Like the var function, covariance can be calculated either as the sample covariance or the population
covariance. Therefore it can be important to specify which formula you want to use. Correlation has
no notion of this and therefore does not have calculations for population or sample. Here’s how they
work:

In [0]:
# COMMAND ----------

from pyspark.sql.functions import corr, covar_pop, covar_samp
df.select(corr("InvoiceNo", "Quantity"), covar_samp("InvoiceNo", "Quantity"),
    covar_pop("InvoiceNo", "Quantity")).show()

+-------------------------+-------------------------------+------------------------------+
|corr(InvoiceNo, Quantity)|covar_samp(InvoiceNo, Quantity)|covar_pop(InvoiceNo, Quantity)|
+-------------------------+-------------------------------+------------------------------+
|     4.912186085617365E-4|             1052.7280543863135|            1052.7260778702093|
+-------------------------+-------------------------------+------------------------------+



## Aggregating to Complex Types
In Spark, you can perform aggregations not just of numerical values using formulas, you can also
perform them on complex types.
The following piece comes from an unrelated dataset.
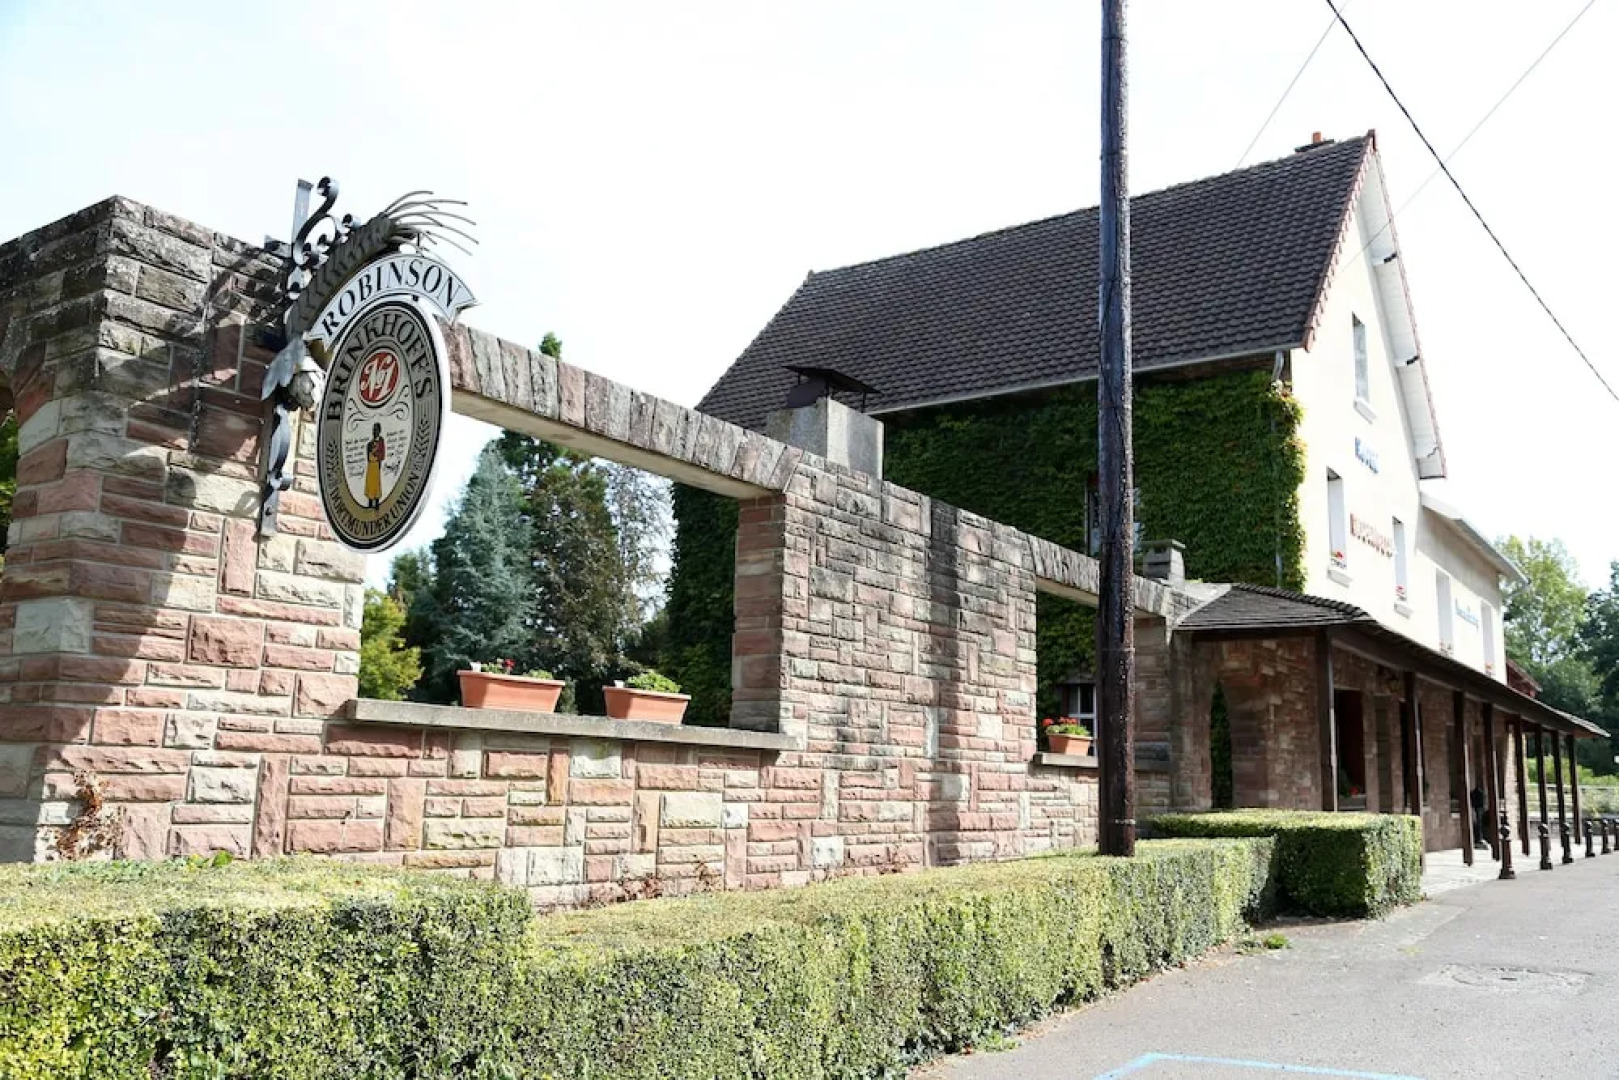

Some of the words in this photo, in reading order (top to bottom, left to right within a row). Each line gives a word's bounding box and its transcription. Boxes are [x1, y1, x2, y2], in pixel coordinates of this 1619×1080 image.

[321, 258, 462, 337] ROBINSON
[326, 313, 433, 421] BRINKHOFF'S
[329, 486, 391, 537] DORTMUNDER
[389, 472, 420, 519] UNION
For example, we can collect a list of values present in a given
column or only the unique values by collecting to a set.
You can use this to carry out some more programmatic access later on in the pipeline or pass the
entire collection in a user-defined function (UDF):

In [0]:
# COMMAND ----------

from pyspark.sql.functions import collect_set, collect_list
df.agg(collect_set("Country"), collect_list("Country")).show(1)

+--------------------+---------------------+
|collect_set(Country)|collect_list(Country)|
+--------------------+---------------------+
|[Portugal, Italy,...| [United Kingdom, ...|
+--------------------+---------------------+



## Grouping
Thus far, we have performed only DataFrame-level aggregations. A more common task is to perform
calculations based on groups in the data. This is typically done on categorical data for which we
group our data on one column and perform some calculations on the other columns that end up in that
group.

The best way to explain this is to begin performing some groupings. The first will be a count, just as
we did before. We will group by each unique invoice number and get the count of items on that
invoice. Note that this returns another DataFrame and is lazily performed.
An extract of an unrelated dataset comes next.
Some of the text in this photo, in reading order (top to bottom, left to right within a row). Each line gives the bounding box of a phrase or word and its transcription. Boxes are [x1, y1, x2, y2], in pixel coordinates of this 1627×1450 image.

We do this grouping in two phases. First we specify the column(s) on which we would like to group,
and then we specify the aggregation(s). The first step returns a RelationalGroupedDataset, and the
second step returns a DataFrame.

As mentioned, we can specify any number of columns on which we want to group:

In [0]:
# COMMAND ----------

from pyspark.sql.functions import count
df.groupBy("InvoiceNo", "CustomerId").count().show()
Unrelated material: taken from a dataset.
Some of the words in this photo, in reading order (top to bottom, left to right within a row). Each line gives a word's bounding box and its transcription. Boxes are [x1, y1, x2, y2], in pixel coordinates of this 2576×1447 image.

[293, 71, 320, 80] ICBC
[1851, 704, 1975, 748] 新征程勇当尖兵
+---------+----------+-----+
|InvoiceNo|CustomerId|count|
+---------+----------+-----+
|   580657|   14696.0|   20|
|   581474|   12748.0|   24|
|   576641|   17549.0|    4|
|   575753|   17841.0|   80|
|   576357|   15660.0|   18|
|  C579018|   16678.0|    1|
|   579062|   17651.0|   16|
|   570413|   17652.0|   18|
|  C569961|   13704.0|    1|
|   572518|   16353.0|    1|
|   577696|   16406.0|   63|
|   577783|   18139.0|   35|
|   580090|   13323.0|    5|
|   577338|   17650.0|    8|
|  C577375|   14441.0|    2|
|   568670|   14978.0|   38|
|   580138|   13199.0|    3|
|  C538084|   12649.0|    2|
|  C538085|   16350.0|    3|
|   575200|   12921.0|    1|
+---------+----------+-----+
only showing top 20 rows



## Grouping with Expressions
As we saw earlier, counting is a bit of a special case because it exists as a method. For this, usually
we prefer to use the count function. Rather than passing that function as an expression into a select
statement, we specify it as within agg. This makes it possible for you to pass-in arbitrary expressions
that just need to have some aggregation specified. You can even do things like alias a column after
transforming it for later use in your data flow:

In [0]:
df.groupBy("InvoiceNo").agg(
    count("Quantity").alias("quan"),
    expr("count(Quantity)")).show()

+---------+----+---------------+
|InvoiceNo|quan|count(Quantity)|
+---------+----+---------------+
|   574966|   8|              8|
|   575091|  38|             38|
|   578057|  28|             28|
|   537252|   1|              1|
|   578459|   8|              8|
|  C578132|   1|              1|
|   578292|  72|             72|
|   576112|  20|             20|
|   577022|  38|             38|
|   574592|   8|              8|
|  C576393|   2|              2|
|   577511|  46|             46|
|   577541|  21|             21|
|   580739|   2|              2|
|   580906|   4|              4|
|   573726|   1|              1|
|   575671|  20|             20|
|   570264|   1|              1|
|   570281|   3|              3|
|   569823|  69|             69|
+---------+----+---------------+
only showing top 20 rows



## Grouping Sets
We may want an aggregation across multiple groups. We achieve this by using grouping sets. Grouping
sets are a low-level tool for combining sets of aggregations together. They give you the ability to
create arbitrary aggregation in their group-by statements.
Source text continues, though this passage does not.